Antonio María Calera-Grobet
30/09/2017 - 12:00 am
La comida que se mueve
Y en medio de la desgracia, habrá que denunciar uno de los ejemplos más viles de lo que han hecho los políticos al desmembrar nuestra sociedad, la misma realidad, anteponer sus mezquinos intereses por arriba de las necesidades de su gente, y en donde cabría preguntarnos si es que son estos infames “líderes” de nuestra misma especie.

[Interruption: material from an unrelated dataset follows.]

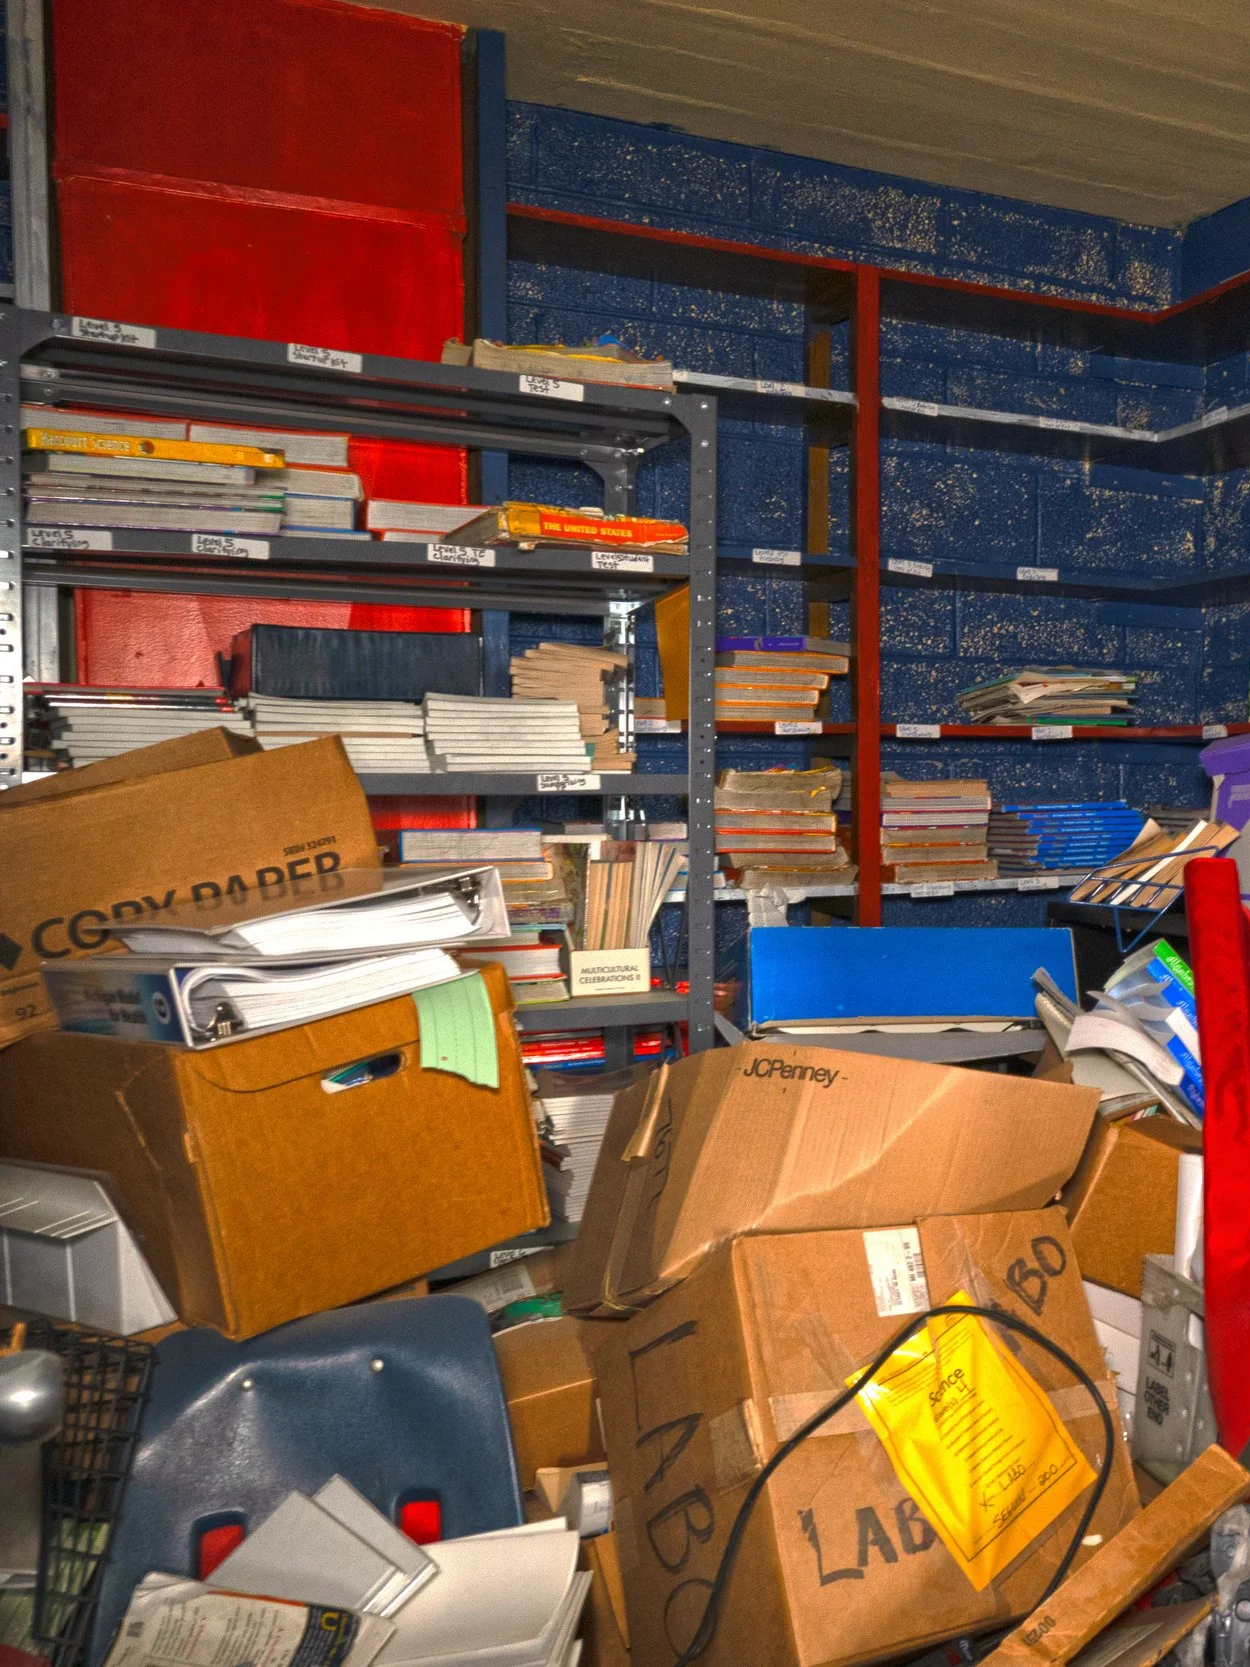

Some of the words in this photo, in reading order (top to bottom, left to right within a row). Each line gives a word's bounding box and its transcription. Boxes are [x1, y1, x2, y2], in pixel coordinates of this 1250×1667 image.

En situaciones de desastre, de suspensión grave de la cotidianidad, en que se propina un tajo a la latencia natural en la vida de una sociedad, los ciudadanos se agrupan para cohesionarla, evitar su desmoronamiento. Como ocurre con otros cataclismos, con la guerra cualquiera que esta sea, los sismos que sacudieron distintos puntos del país en el pasado reciente hicieron nacer, de las cavernas olvidadas de un adormecido cuerpo social, cientos de miles de líneas de vida, de socorro y supervivencia para evitar el resquebrajamiento de lo que reconocemos como fundamental para el desarrollo de la existencia: los otros. Y en donde, para muchos, justificaciones y argumentaciones las habrá de sobra, acaso no se llevara esta lucha como un rescate romántico del concepto de patria o de nación, sino meramente del rescate de los iguales, los naturales, los mortales que, justo como ellos (identificables a ellos en sus señas de identidad y deseos), van por la vida en busca de un sentido para vivirla de la mejor manera. Los otros dentro del nosotros que fueron abruptamente arrojados a la calle, y que se hallan en situación de alerta, en estado de trauma por la búsqueda de sus seres queridos en peligro de muerte y, también de otros, desgraciadamente, fallecidos.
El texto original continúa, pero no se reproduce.